Restate exactly, please, each line of the listing from the one with "this 2048×1365 image." to the last, including both.
========
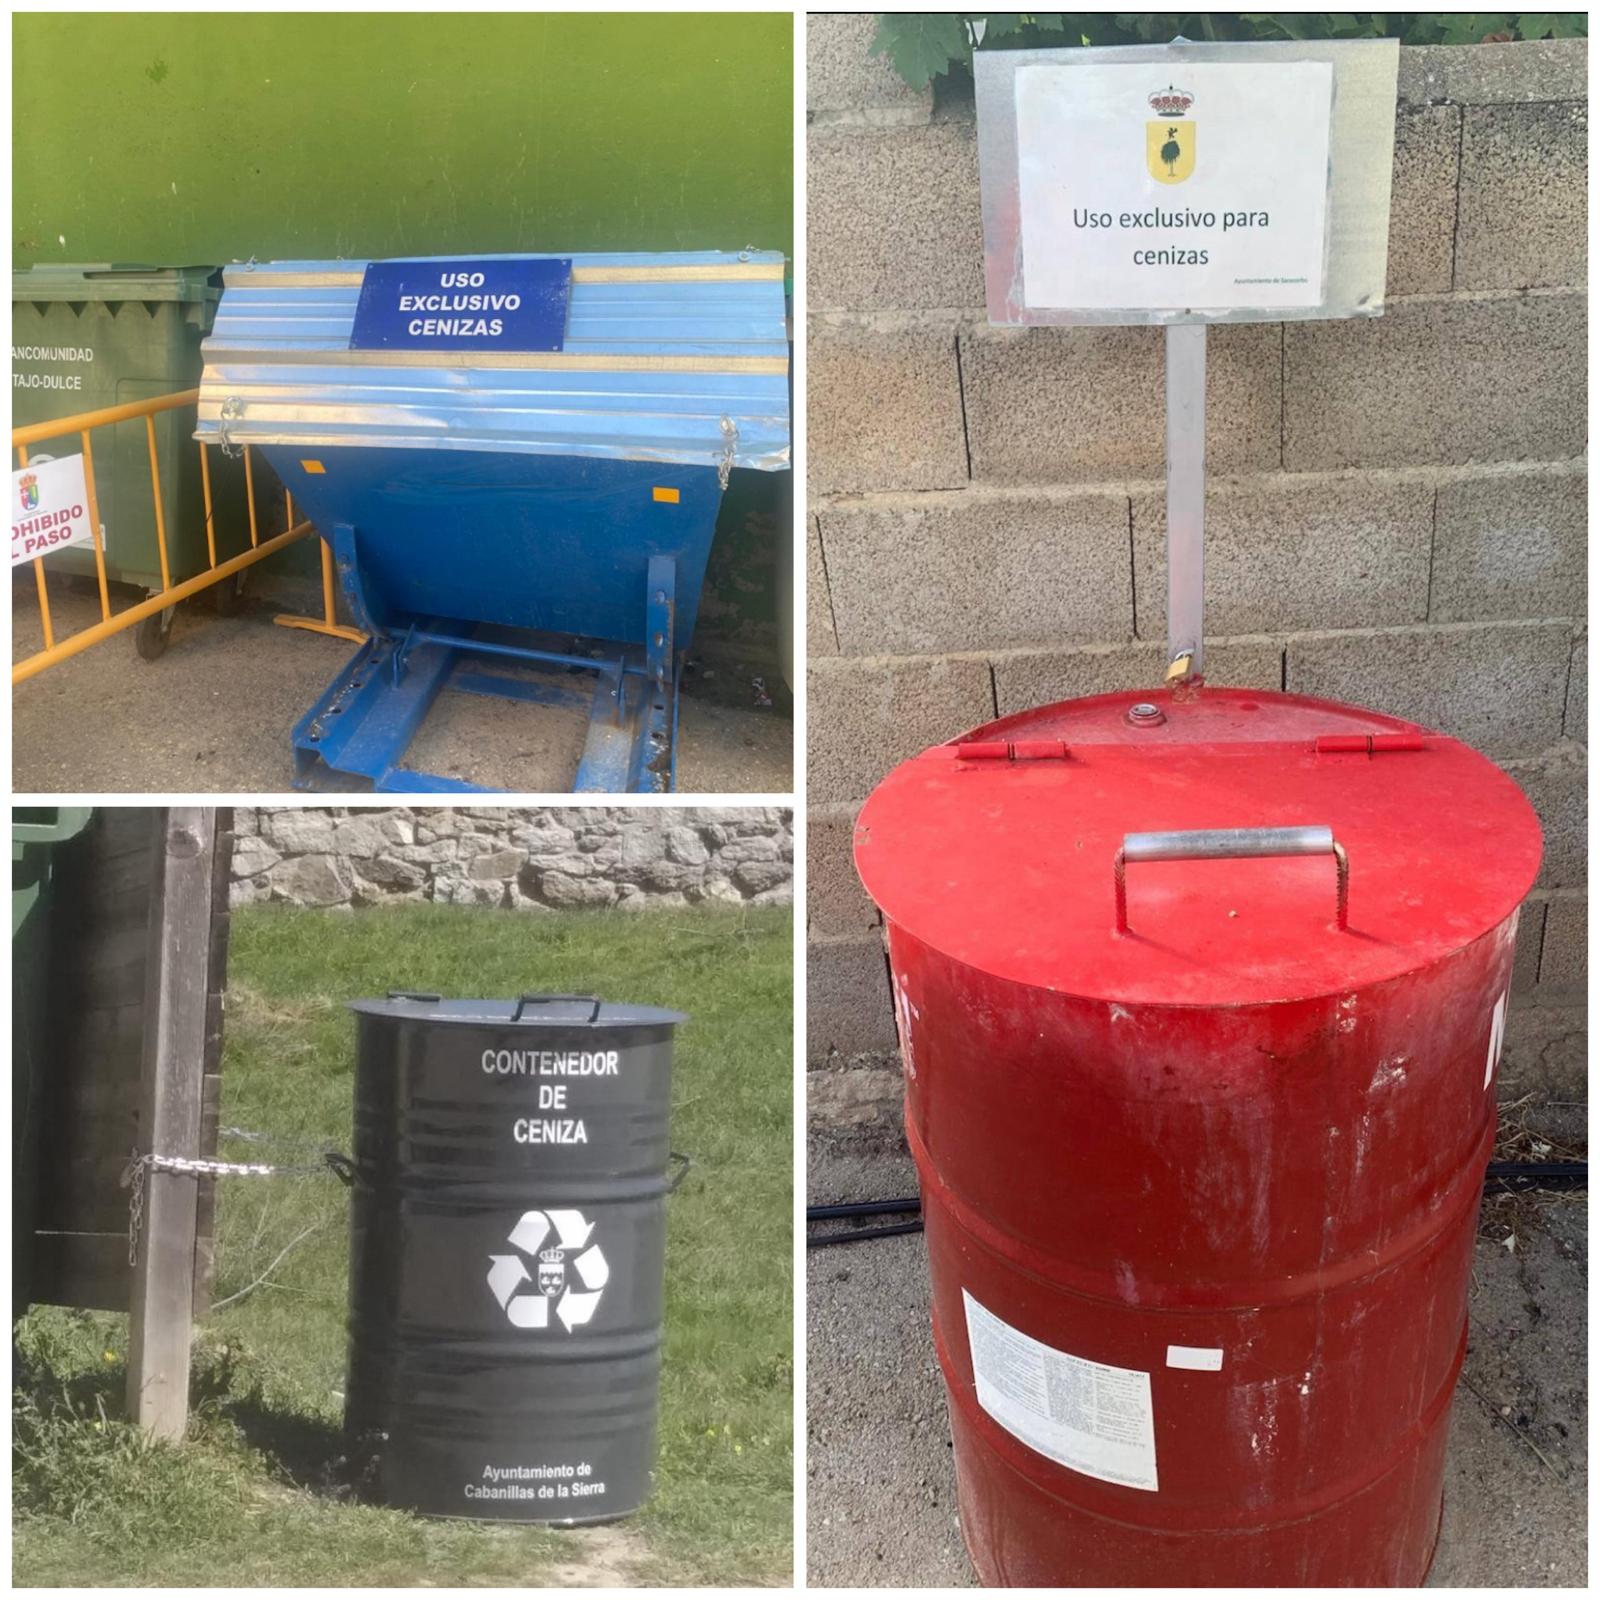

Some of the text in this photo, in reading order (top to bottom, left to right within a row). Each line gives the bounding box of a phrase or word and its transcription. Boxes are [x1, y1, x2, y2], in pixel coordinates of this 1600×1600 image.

[1073, 207, 1269, 232] Uso exclusivo para
[1133, 245, 1209, 265] cenizas
[440, 272, 485, 288] USO
[399, 294, 521, 311] EXCLUSIVO
[408, 318, 503, 336] CENIZAS
[13, 373, 82, 390] TAJO-DULCE
[24, 526, 72, 554] PASO
[481, 1049, 619, 1076] CONTENEDOR
[538, 1084, 567, 1109] DE
[513, 1118, 588, 1143] CENIZA
[482, 1461, 592, 1482] Ayuntamiento de
[464, 1481, 606, 1499] Cabanillas de la Sierra
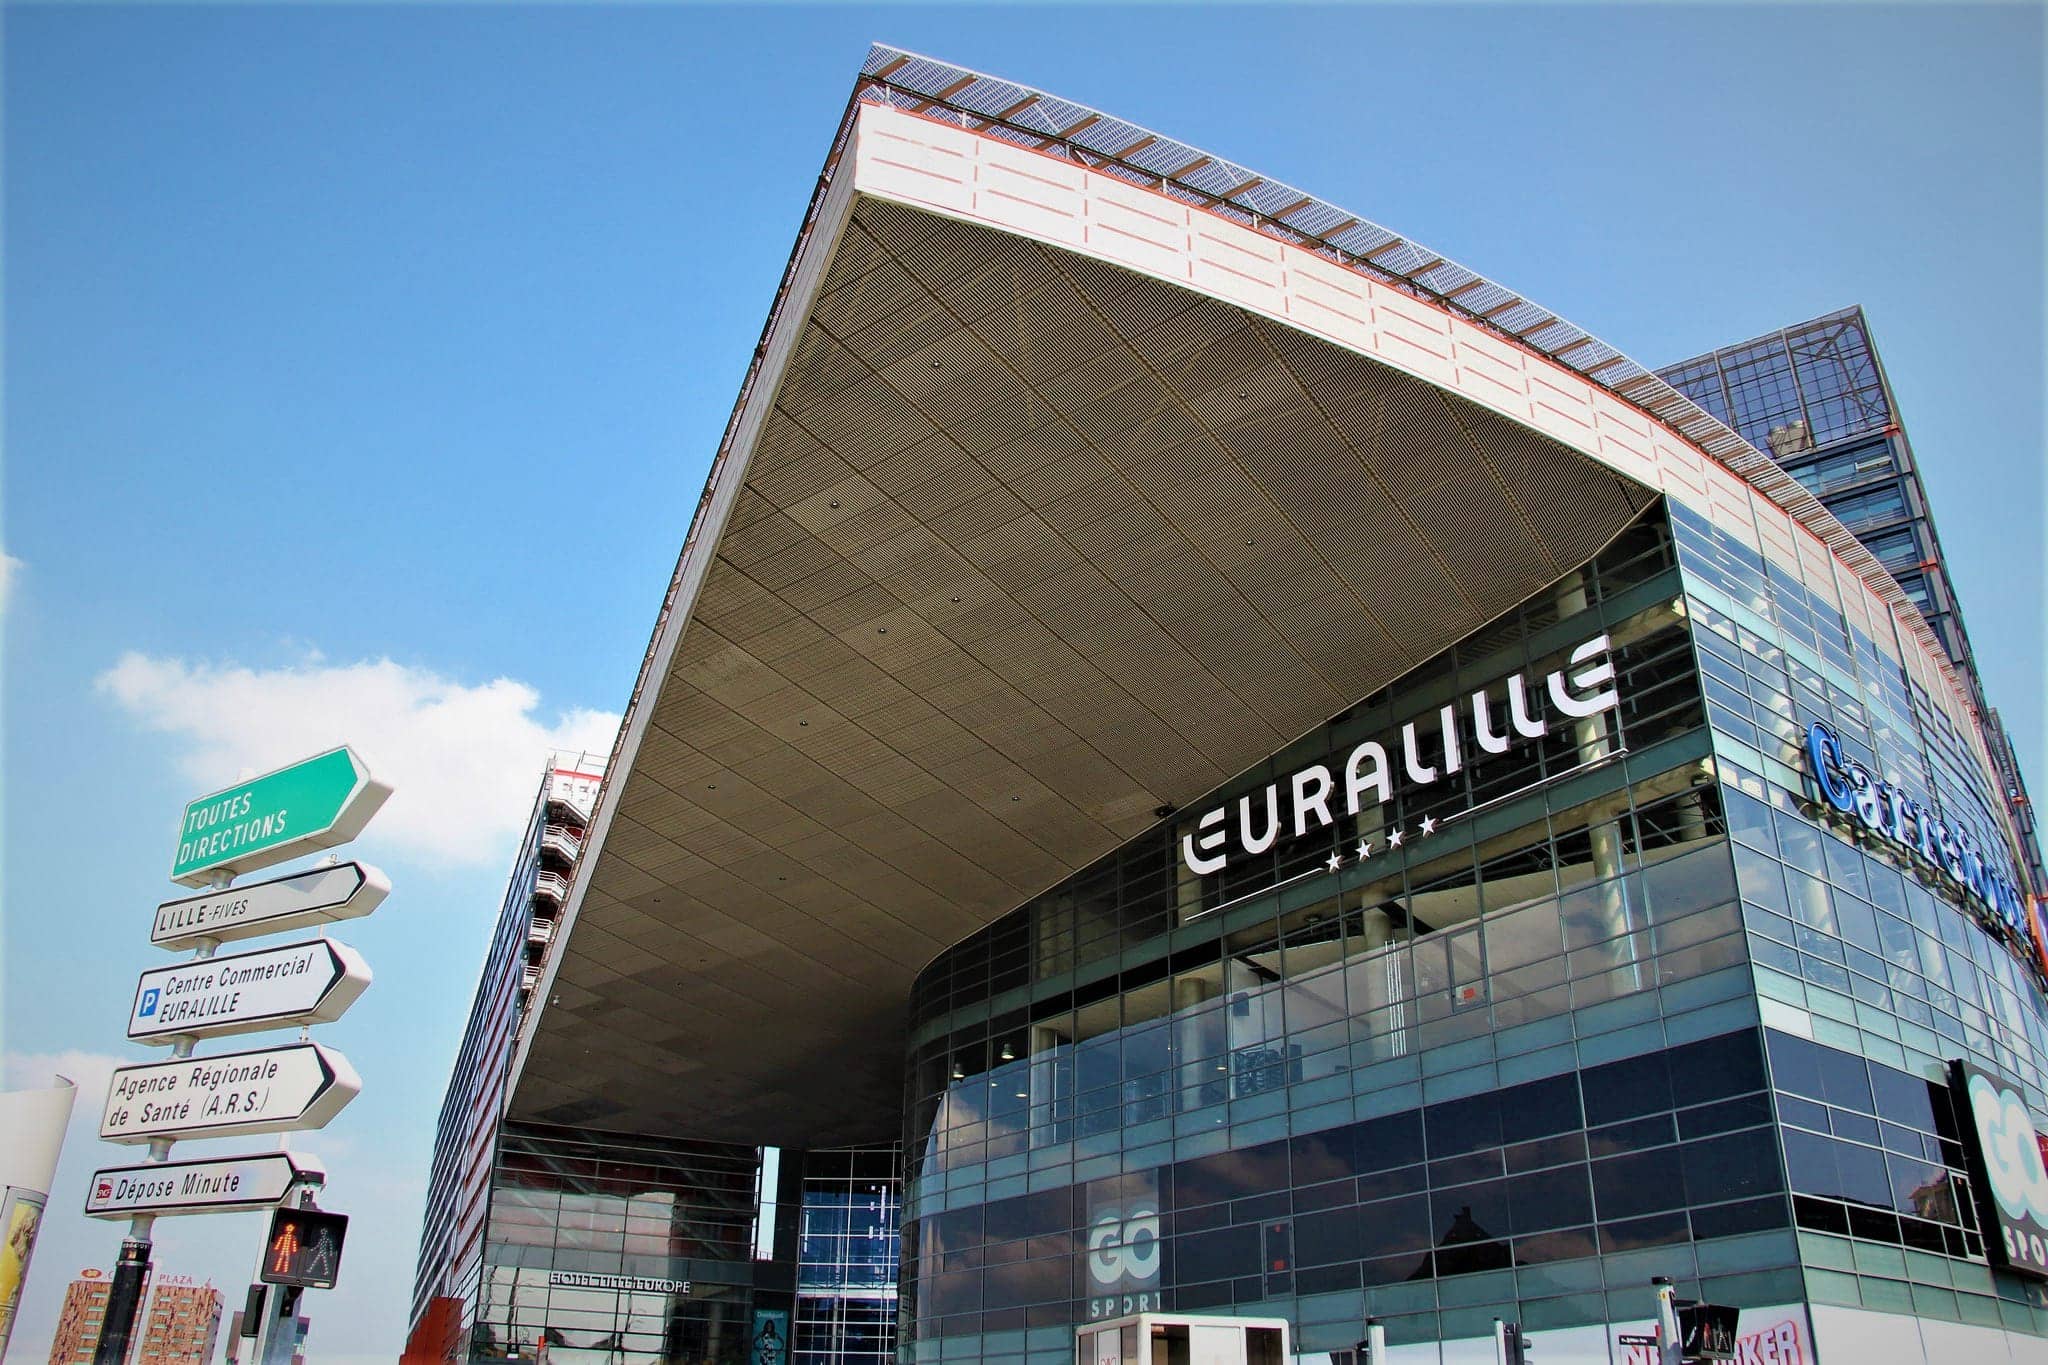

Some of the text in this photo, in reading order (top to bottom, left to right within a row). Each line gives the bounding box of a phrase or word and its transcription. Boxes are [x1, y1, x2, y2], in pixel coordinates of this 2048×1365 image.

[1183, 633, 1619, 877] EURALILLE
[188, 792, 252, 833] TOUTES
[179, 809, 287, 865] DIRECTIONS
[165, 952, 314, 996] Centre Commercial
[159, 992, 240, 1023] EURALILLE
[115, 1058, 278, 1101] Agence Régionale
[109, 1087, 270, 1127] de Santé (A.R.S.)
[1969, 1076, 2048, 1226] GO
[115, 1172, 240, 1204] Dépose Minute
[1088, 1209, 1160, 1285] GO
[2003, 1225, 2048, 1267] SPO
[159, 1273, 193, 1284] PLAZA
========
Completed task ▸
Some of the text in this photo, in reading order (top to bottom, left to right within a row). Each line gives the bounding box of a phrase or word and its transcription. Boxes are [x1, y1, x2, y2], in pixel coordinates of this 2048×1365 image.

[1183, 633, 1619, 877] EURALILLE
[188, 792, 252, 833] TOUTES
[179, 809, 287, 865] DIRECTIONS
[165, 952, 314, 996] Centre Commercial
[159, 992, 240, 1023] EURALILLE
[115, 1058, 278, 1101] Agence Régionale
[109, 1087, 270, 1127] de Santé (A.R.S.)
[1969, 1076, 2048, 1226] GO
[115, 1172, 240, 1204] Dépose Minute
[1088, 1209, 1160, 1285] GO
[2003, 1225, 2048, 1267] SPO
[159, 1273, 193, 1284] PLAZA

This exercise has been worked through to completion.